Jinya Ramen Bar is the company with a new franchise in Orlando, its first in Florida (oddly, the website lists the names of the cities for locations in other states but the Florida listing is Thornton Park). It took over and remodeled that space in Thornton Park Central that had briefly been Verde Cantina and, before that, a Tijuana Flats.
As with many chain operations, Jinya's corporate connections bring advantages and disadvantages. It brought money to turn the space into a moody urban noodle bar with an open kitchen inside the front door, a central bar with seating on three sides, and a sunken dining room at the back.
Nothing I sampled at Jinya on my two visits was less than acceptable.

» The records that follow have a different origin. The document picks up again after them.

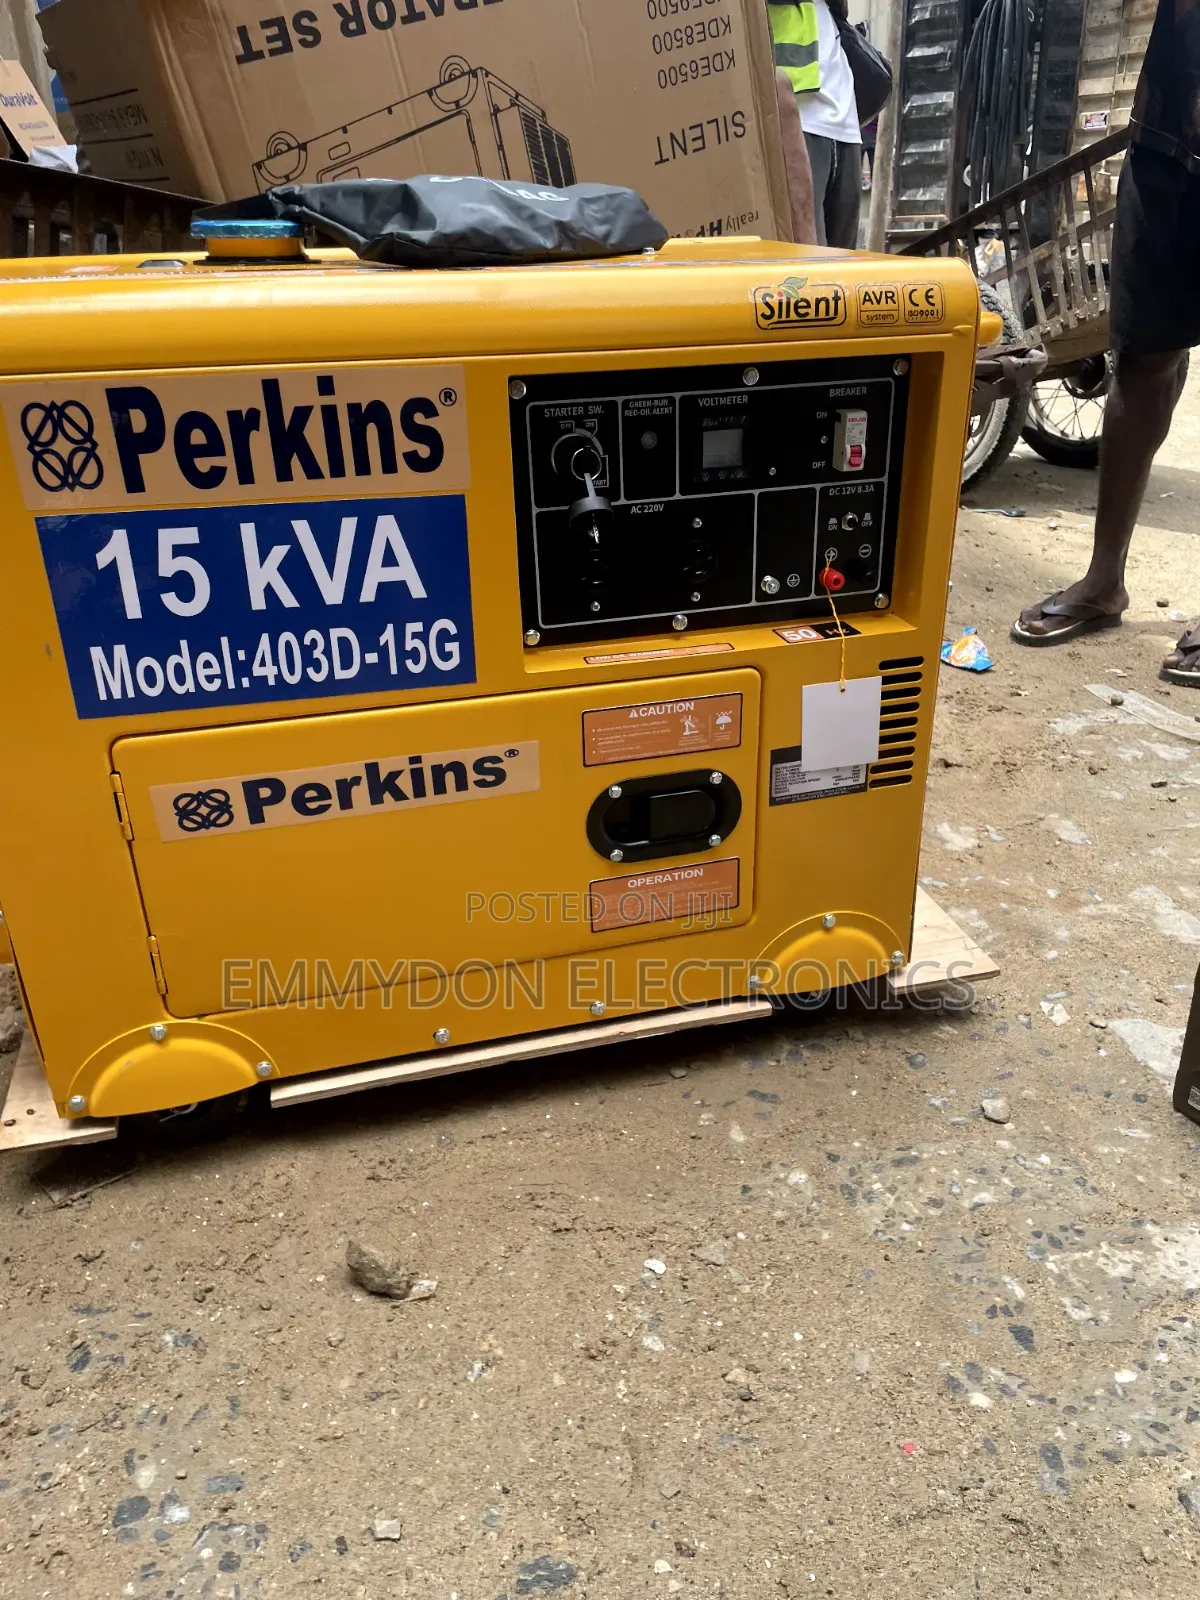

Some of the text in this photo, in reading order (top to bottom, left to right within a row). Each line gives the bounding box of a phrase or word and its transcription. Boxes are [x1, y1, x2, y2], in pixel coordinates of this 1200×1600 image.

[235, 10, 322, 65] SET
[652, 15, 732, 54] KDE8500
[657, 48, 736, 89] KDE6500
[654, 110, 746, 166] SILENT
[726, 210, 759, 232] really
[760, 289, 841, 321] Silent
[861, 290, 897, 306] AVR
[908, 287, 936, 307] CE
[866, 312, 895, 322] system
[829, 386, 868, 397] BREAKER
[698, 395, 748, 407] VOLTMETER
[544, 407, 584, 418] STARTER
[816, 411, 828, 419] ON
[812, 461, 827, 469] OFF
[829, 484, 875, 496] DC 12V 8.3A
[630, 503, 665, 514] AC 220V
[95, 514, 428, 620] 15 kVA
[781, 628, 817, 641] 50
[89, 618, 461, 701] Model:403D-15G
[639, 701, 695, 718] CAUTION
[627, 867, 704, 888] OPERATION

Some things were delightfully better than I expected, some less so.
It wasn't until my second visit that the ramen itself reached a higher level. That was the time I had the Jinya Tonkatsu Black, pictured at top, a large bowl with a pork broth base that had a wonderfully luscious mouthfeel. Despite having major billing in the dish's name, the tonkatsu -- chasu here, or pork belly -- was only part of a larger ensemble of ingredients that included mushrooms, garlic chips, fried onions, a whole soft-boiled egg seasoned in soy, and of course the thin noodles that make ramen so much fun to eat.

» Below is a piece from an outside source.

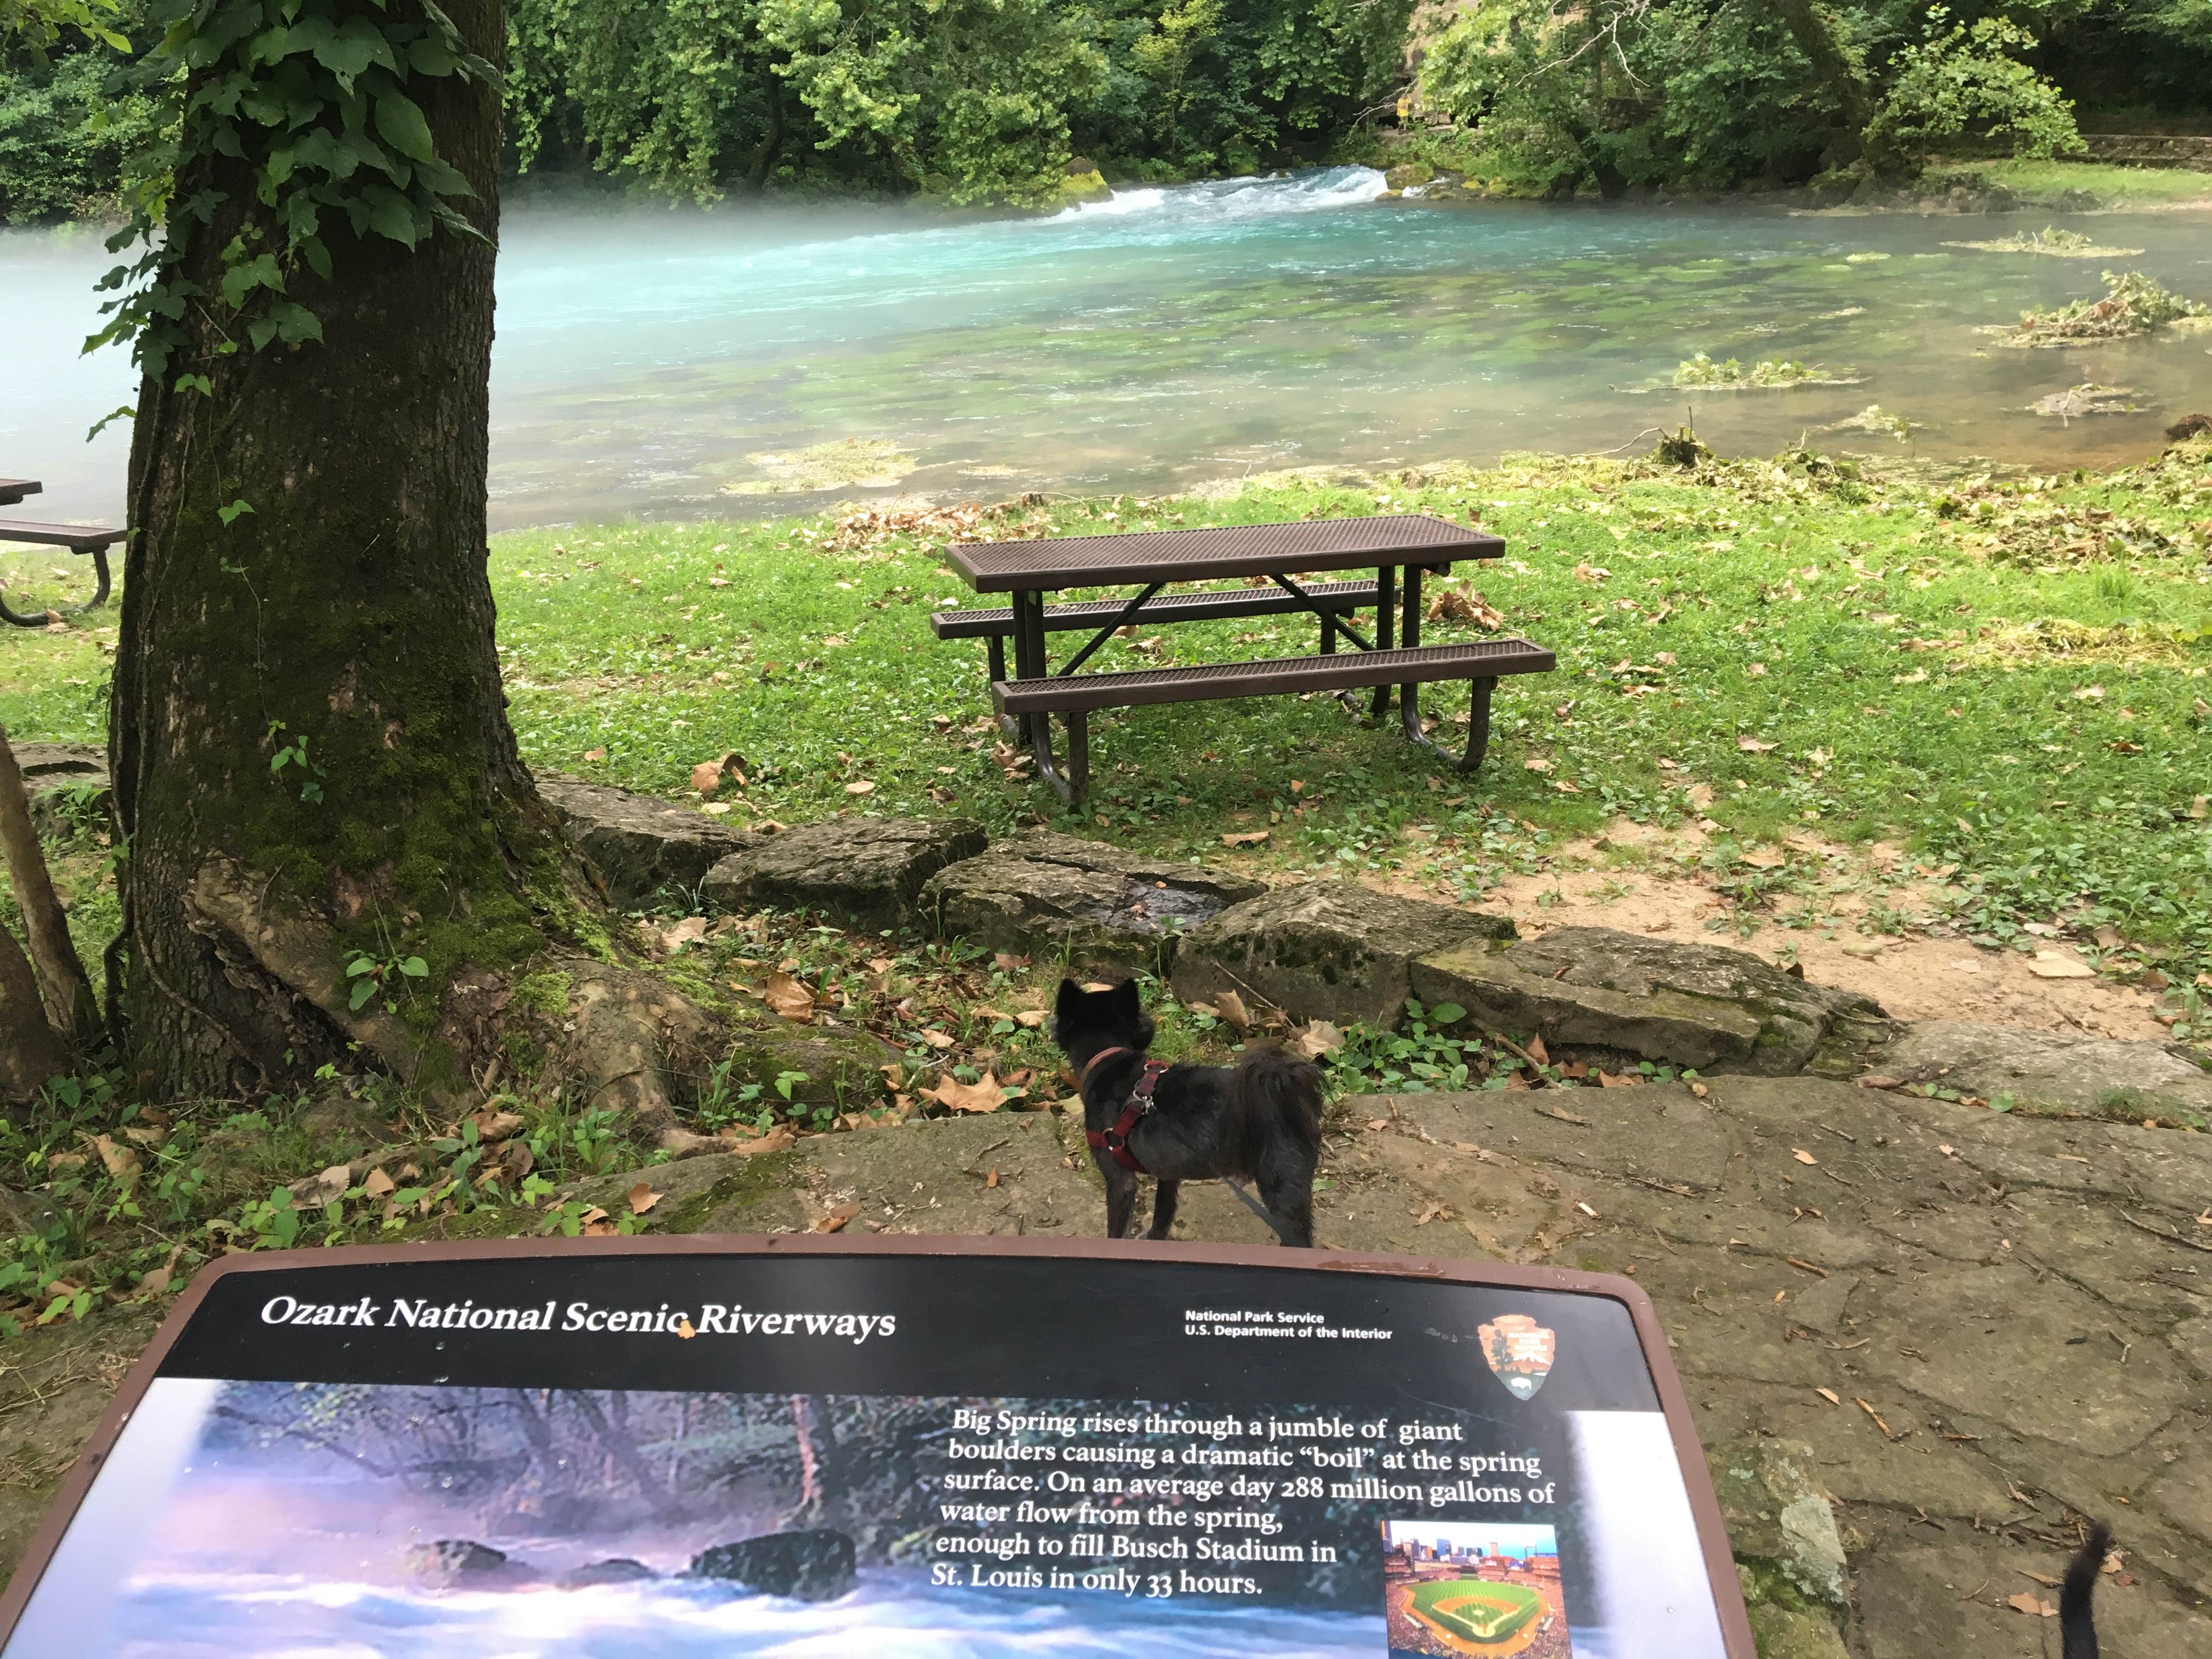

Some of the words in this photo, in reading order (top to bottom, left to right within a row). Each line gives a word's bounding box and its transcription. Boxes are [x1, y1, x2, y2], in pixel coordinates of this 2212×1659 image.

I didn't think the two large squares of nori that were slid down the side of the bowl added anything but decoration. But I was impressed that the cooking of the egg had been calculated to include the time to come from the kitchen to my table, sitting in hot broth, but yet still with a soft and oozy yolk when I chopsticked into it.
The ramens I had on my first visit, the Sukiyaki Q and the Jinya Chicken Ramen didn't have the same character. They seemed flat. Both had plenty of ingredients and were quite filling and sufficiently edible. But still.
From the list of small plates, my companion and I shared an order of Pork Chashu & Kimchee Tacos. Served in crispy shells fashioned out of fried wonton wrappers, the braised pork belly was amply applied -- more so than the kimchi -- and topped with ls handfuls of fresh cilantro. Not the most thoughtful garnish placement you'll ever see, but I liked the soft tartness of the leaves.
The appetizer of Tempura Brussels Sprouts was winning in its simplicity. They wore light and delicate jackets of tempura batter and were deftly fried and spritz with a thankfully small amount of truffle-flavored something. I could have noshed those all night.
There's another thing that chain restaurants can provide: training. The young staff at Jinya have obviously been given training tips, but it could have been taken further. The young woman who served me on my second visit did many things right, and I appreciated the extra attention. But I wanted to tell her that there wasn't anything about the food I ordered, the beverage I selected or the fact that it wasn't my first visit that was awesome, as she declared each to be.
And the practice of having the servers and everyone in the kitchen yell some unintelligible Japanese phrase whenever someone is shown to a table is silly, and sounds about as sincere as "Welcome to Moe's."
But then, it is a chain.
Jinya Ramen Bar is at 8 N. Summerlin Ave., Orlando. It's open for lunch and dinner daily. The phone number is 407-704-1825.